Records from a data source
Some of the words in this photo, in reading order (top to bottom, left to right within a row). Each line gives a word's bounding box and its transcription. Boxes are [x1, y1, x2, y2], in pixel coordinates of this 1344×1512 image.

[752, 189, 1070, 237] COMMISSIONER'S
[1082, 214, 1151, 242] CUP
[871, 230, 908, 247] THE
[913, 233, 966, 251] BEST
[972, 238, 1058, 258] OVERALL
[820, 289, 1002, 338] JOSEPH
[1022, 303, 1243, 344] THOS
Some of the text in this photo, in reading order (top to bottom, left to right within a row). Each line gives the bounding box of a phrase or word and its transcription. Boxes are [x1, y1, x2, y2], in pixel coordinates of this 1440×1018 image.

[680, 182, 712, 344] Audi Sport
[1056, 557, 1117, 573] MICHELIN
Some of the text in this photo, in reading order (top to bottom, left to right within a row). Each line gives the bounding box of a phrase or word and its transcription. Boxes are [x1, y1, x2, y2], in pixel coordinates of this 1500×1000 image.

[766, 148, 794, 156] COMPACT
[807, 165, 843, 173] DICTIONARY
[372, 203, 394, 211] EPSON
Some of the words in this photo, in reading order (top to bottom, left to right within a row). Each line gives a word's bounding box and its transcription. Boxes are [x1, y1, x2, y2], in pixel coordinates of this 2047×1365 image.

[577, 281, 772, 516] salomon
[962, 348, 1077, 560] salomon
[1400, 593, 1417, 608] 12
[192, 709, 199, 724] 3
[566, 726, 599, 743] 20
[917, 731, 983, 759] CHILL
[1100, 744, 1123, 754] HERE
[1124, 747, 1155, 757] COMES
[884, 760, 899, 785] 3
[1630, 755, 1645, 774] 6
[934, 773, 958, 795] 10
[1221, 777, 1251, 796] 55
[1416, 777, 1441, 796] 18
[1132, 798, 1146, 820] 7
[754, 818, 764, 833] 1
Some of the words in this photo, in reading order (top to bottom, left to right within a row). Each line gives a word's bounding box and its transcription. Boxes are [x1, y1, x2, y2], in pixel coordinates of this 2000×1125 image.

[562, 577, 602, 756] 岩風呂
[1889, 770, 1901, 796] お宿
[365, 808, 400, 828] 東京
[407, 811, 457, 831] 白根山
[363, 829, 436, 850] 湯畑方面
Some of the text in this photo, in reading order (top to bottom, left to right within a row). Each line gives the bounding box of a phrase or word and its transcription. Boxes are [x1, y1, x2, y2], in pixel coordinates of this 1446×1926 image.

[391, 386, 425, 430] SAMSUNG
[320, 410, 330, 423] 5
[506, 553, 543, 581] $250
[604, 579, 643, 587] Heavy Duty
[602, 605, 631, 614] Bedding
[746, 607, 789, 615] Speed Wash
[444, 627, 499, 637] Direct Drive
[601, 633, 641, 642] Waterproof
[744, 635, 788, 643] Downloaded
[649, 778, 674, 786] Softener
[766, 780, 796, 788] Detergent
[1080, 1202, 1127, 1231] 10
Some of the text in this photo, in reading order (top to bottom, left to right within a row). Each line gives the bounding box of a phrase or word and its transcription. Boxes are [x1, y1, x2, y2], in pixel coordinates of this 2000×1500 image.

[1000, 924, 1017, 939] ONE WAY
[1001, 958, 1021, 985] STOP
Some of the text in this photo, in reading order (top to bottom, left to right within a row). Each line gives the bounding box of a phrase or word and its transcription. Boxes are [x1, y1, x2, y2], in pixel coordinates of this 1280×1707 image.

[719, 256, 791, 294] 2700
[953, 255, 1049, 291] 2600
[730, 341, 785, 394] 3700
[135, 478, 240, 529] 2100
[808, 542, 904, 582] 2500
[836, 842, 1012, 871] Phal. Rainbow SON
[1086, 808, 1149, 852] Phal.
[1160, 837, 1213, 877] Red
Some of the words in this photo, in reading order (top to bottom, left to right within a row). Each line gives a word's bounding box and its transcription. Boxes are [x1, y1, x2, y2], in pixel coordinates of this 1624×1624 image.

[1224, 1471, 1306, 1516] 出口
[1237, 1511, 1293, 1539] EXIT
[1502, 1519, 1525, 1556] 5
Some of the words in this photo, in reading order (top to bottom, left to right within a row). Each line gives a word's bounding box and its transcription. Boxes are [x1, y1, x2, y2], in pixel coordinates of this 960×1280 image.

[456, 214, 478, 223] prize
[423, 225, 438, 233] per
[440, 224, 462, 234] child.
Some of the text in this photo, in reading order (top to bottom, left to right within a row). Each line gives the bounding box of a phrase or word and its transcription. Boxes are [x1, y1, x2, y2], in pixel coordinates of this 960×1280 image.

| EXERCISE OBJECTIVE |
Each record above needs to be given again exactly as written.

| EXERCISE SOLUTION |
Some of the words in this photo, in reading order (top to bottom, left to right within a row). Each line gives a word's bounding box and its transcription. Boxes are [x1, y1, x2, y2], in pixel coordinates of this 1344×1512 image.

[752, 189, 1070, 237] COMMISSIONER'S
[1082, 214, 1151, 242] CUP
[871, 230, 908, 247] THE
[913, 233, 966, 251] BEST
[972, 238, 1058, 258] OVERALL
[820, 289, 1002, 338] JOSEPH
[1022, 303, 1243, 344] THOS
Some of the text in this photo, in reading order (top to bottom, left to right within a row). Each line gives the bounding box of a phrase or word and its transcription. Boxes are [x1, y1, x2, y2], in pixel coordinates of this 1440×1018 image.

[680, 182, 712, 344] Audi Sport
[1056, 557, 1117, 573] MICHELIN
Some of the text in this photo, in reading order (top to bottom, left to right within a row). Each line gives the bounding box of a phrase or word and its transcription. Boxes are [x1, y1, x2, y2], in pixel coordinates of this 1500×1000 image.

[766, 148, 794, 156] COMPACT
[807, 165, 843, 173] DICTIONARY
[372, 203, 394, 211] EPSON
Some of the words in this photo, in reading order (top to bottom, left to right within a row). Each line gives a word's bounding box and its transcription. Boxes are [x1, y1, x2, y2], in pixel coordinates of this 2047×1365 image.

[577, 281, 772, 516] salomon
[962, 348, 1077, 560] salomon
[1400, 593, 1417, 608] 12
[192, 709, 199, 724] 3
[566, 726, 599, 743] 20
[917, 731, 983, 759] CHILL
[1100, 744, 1123, 754] HERE
[1124, 747, 1155, 757] COMES
[884, 760, 899, 785] 3
[1630, 755, 1645, 774] 6
[934, 773, 958, 795] 10
[1221, 777, 1251, 796] 55
[1416, 777, 1441, 796] 18
[1132, 798, 1146, 820] 7
[754, 818, 764, 833] 1
Some of the words in this photo, in reading order (top to bottom, left to right within a row). Each line gives a word's bounding box and its transcription. Boxes are [x1, y1, x2, y2], in pixel coordinates of this 2000×1125 image.

[562, 577, 602, 756] 岩風呂
[1889, 770, 1901, 796] お宿
[365, 808, 400, 828] 東京
[407, 811, 457, 831] 白根山
[363, 829, 436, 850] 湯畑方面
Some of the text in this photo, in reading order (top to bottom, left to right within a row). Each line gives the bounding box of a phrase or word and its transcription. Boxes are [x1, y1, x2, y2], in pixel coordinates of this 1446×1926 image.

[391, 386, 425, 430] SAMSUNG
[320, 410, 330, 423] 5
[506, 553, 543, 581] $250
[604, 579, 643, 587] Heavy Duty
[602, 605, 631, 614] Bedding
[746, 607, 789, 615] Speed Wash
[444, 627, 499, 637] Direct Drive
[601, 633, 641, 642] Waterproof
[744, 635, 788, 643] Downloaded
[649, 778, 674, 786] Softener
[766, 780, 796, 788] Detergent
[1080, 1202, 1127, 1231] 10
Some of the text in this photo, in reading order (top to bottom, left to right within a row). Each line gives the bounding box of a phrase or word and its transcription. Boxes are [x1, y1, x2, y2], in pixel coordinates of this 2000×1500 image.

[1000, 924, 1017, 939] ONE WAY
[1001, 958, 1021, 985] STOP
Some of the text in this photo, in reading order (top to bottom, left to right within a row). Each line gives the bounding box of a phrase or word and its transcription. Boxes are [x1, y1, x2, y2], in pixel coordinates of this 1280×1707 image.

[719, 256, 791, 294] 2700
[953, 255, 1049, 291] 2600
[730, 341, 785, 394] 3700
[135, 478, 240, 529] 2100
[808, 542, 904, 582] 2500
[836, 842, 1012, 871] Phal. Rainbow SON
[1086, 808, 1149, 852] Phal.
[1160, 837, 1213, 877] Red
Some of the words in this photo, in reading order (top to bottom, left to right within a row). Each line gives a word's bounding box and its transcription. Boxes are [x1, y1, x2, y2], in pixel coordinates of this 1624×1624 image.

[1224, 1471, 1306, 1516] 出口
[1237, 1511, 1293, 1539] EXIT
[1502, 1519, 1525, 1556] 5
Some of the words in this photo, in reading order (top to bottom, left to right within a row). Each line gives a word's bounding box and its transcription. Boxes are [x1, y1, x2, y2], in pixel coordinates of this 960×1280 image.

[456, 214, 478, 223] prize
[423, 225, 438, 233] per
[440, 224, 462, 234] child.
Some of the text in this photo, in reading order (top to bottom, left to right within a row). Each line gives the bounding box of a phrase or word and its transcription. Boxes are [x1, y1, x2, y2], in pixel coordinates of this 960×1280 image.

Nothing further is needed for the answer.